Madame Tussauds London recently unveiled a second lifelike waxwork of the unrivalled naturalist Sir David Attenborough, 30 years after his first. It is no accident that his waxwork wears a blue short-sleeve shirt and khaki trousers. Sir David has always worn them to help continuity of his nature series, given filming happens thousands of miles apart and in doing so, he has created highly distinctive brand assets (DBAs) that prompt our brains to instantly recognise and remember him.
In the world of marketing, where mental availability is king, DBAs are critical levers. They’re “cues that category buyers use to access their memories when faced with a buying situation”(i) and help brands get noticed and, perhaps more importantly, recalled.
B2C brands have been wearing their crisp blue shirts and khakis for decades. Think of McDonald’s home delivery campaign which didn’t even need to show a full golden arch to be attributable or Mattel who this summer, merely nodded to a particular Pantone shade of pink to promote the Barbie movie. Neither brand showed a full logo in their campaigns.
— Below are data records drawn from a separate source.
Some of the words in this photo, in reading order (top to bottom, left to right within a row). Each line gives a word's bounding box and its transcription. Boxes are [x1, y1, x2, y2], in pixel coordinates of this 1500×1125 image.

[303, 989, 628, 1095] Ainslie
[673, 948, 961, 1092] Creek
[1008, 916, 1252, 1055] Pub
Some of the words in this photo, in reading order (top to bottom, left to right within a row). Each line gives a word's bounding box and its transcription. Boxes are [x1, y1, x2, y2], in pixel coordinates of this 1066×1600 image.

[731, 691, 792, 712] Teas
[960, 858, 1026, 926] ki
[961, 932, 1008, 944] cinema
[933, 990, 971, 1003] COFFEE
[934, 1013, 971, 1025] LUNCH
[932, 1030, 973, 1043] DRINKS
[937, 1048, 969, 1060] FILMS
That all sounds peachy. So, how are DBAs doing in the land of B2B? Helpfully, the brilliant B2B Institute has just commissioned one of the largest ever studies on B2B branding in partnership with Distinctive BAT, analysing over 300 brand assets from 59 brands across 6 of the biggest B2B categories. It turns out that most B2B companies don’t appear to have any brand assets. At all. In fact, for the four biggest B2B tech categories, whilst respondents often claimed to recognise an asset, they couldn’t then attribute it to the correct brand, which in mental availability terms is not ideal.
There are the odd success stories like Salesforce’s character Astro, who increases brand attribution by 40% (ii) but ultimately there is a huge opportunity with a neon flashing light positioned overhead for B2B marketers to engage DBAs to gain a competitive edge.
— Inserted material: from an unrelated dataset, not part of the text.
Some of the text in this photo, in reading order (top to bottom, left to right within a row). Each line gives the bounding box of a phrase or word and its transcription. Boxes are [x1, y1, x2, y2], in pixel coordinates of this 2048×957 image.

Uncomfortably for most B2B C-Suites, DBAs are a world away from technical product stories yet they play a vital role in the narrative of a brand and its future growth. Customers buy the brands they remember and DBAs build memory structures that get tucked away in the brain, in turn helping brands come to mind first and ultimately get chosen.
So, make DBAs distinctive, relevant and use them consistently to reap the rewards. At the end of the day, there are plenty of other talented broadcasters who could try and copy Sir David’s nature series but it would be tricky for them to do so wearing a blue shirt and khaki trousers.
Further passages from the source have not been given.